What is expected
In the records below, print each line exactly and leave every image out.

(Free-text object descriptions)
====
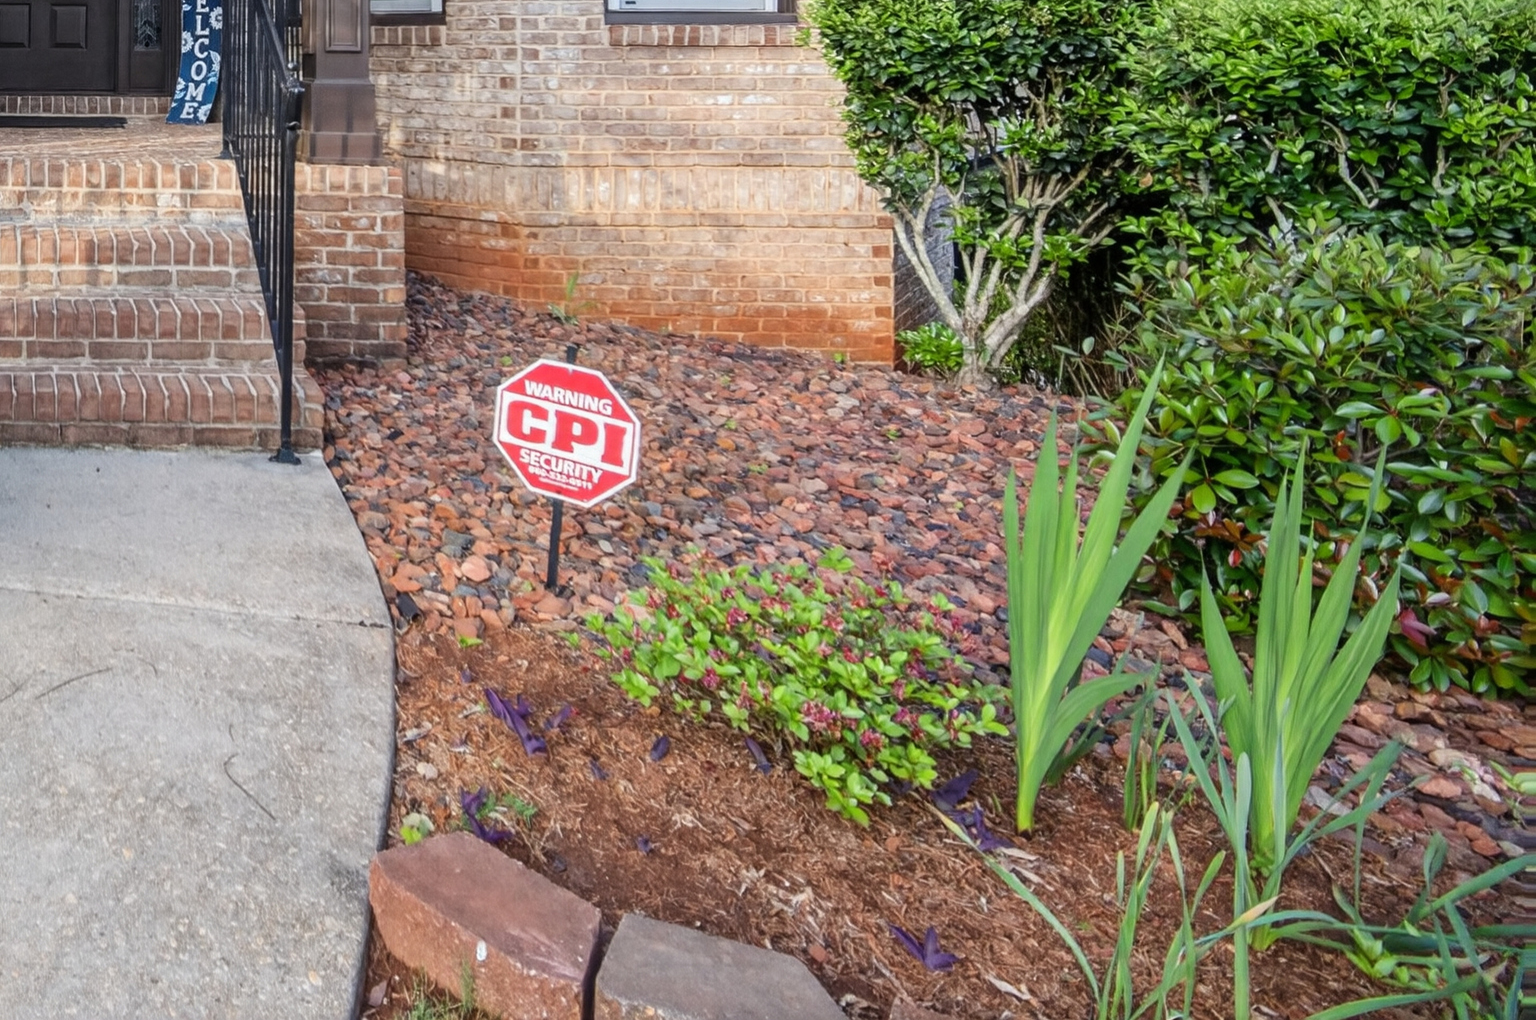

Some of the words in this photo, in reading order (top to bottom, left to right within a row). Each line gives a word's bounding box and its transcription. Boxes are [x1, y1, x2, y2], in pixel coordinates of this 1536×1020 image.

[524, 379, 613, 416] WARNING
[506, 399, 628, 468] CPI
[519, 448, 603, 484] SECURITY
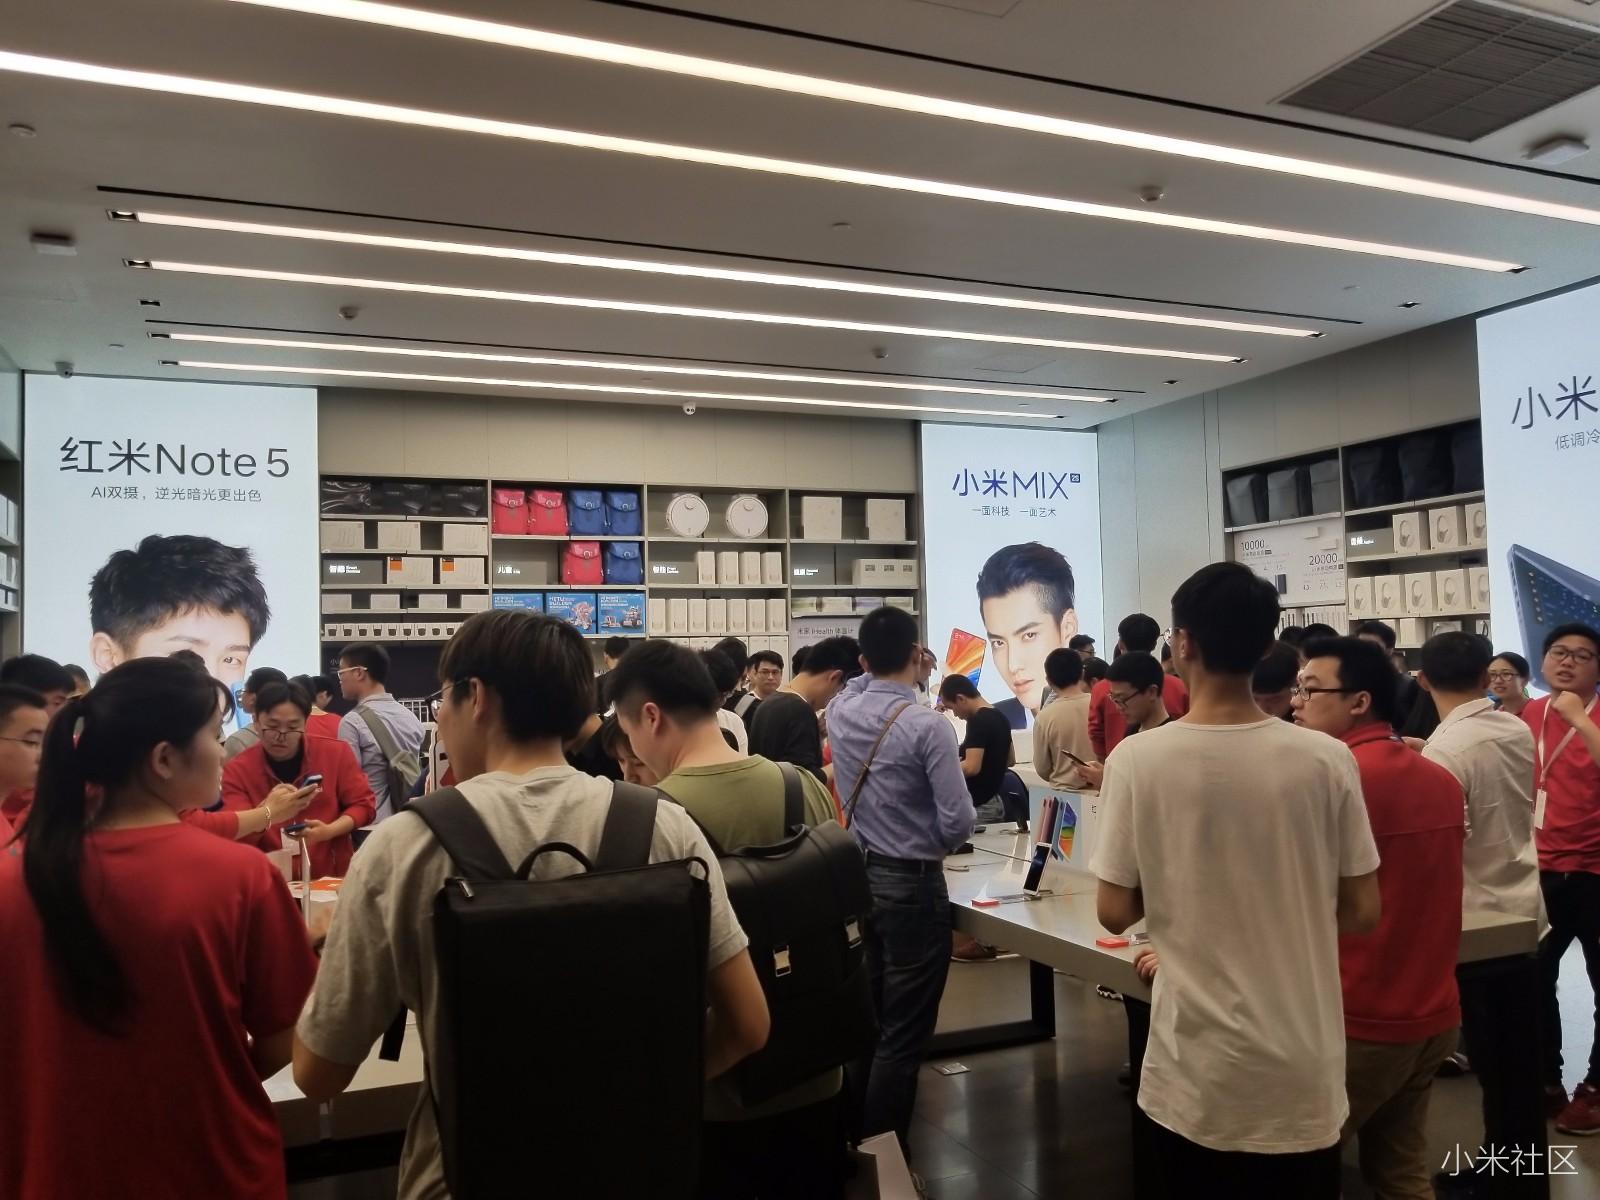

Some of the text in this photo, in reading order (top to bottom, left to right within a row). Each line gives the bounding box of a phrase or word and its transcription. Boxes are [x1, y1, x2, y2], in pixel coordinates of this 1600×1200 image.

[1511, 376, 1598, 429] 小米
[60, 437, 290, 478] 红米Note 5
[952, 468, 1069, 500] 小米MIX
[971, 505, 1010, 517] 一面科技
====
Answer to this problem
Some of the words in this photo, in reading order (top to bottom, left to right within a row). Each line gives a word's bounding box and its transcription. Boxes are [x1, y1, x2, y2], in pixel coordinates of this 1536×1020 image.

[524, 379, 613, 416] WARNING
[506, 399, 628, 468] CPI
[519, 448, 603, 484] SECURITY

Some of the text in this photo, in reading order (top to bottom, left to right within a row). Each line gives the bounding box of a phrase or word and its transcription. Boxes are [x1, y1, x2, y2], in pixel coordinates of this 1600×1200 image.

[1511, 376, 1598, 429] 小米
[60, 437, 290, 478] 红米Note 5
[952, 468, 1069, 500] 小米MIX
[971, 505, 1010, 517] 一面科技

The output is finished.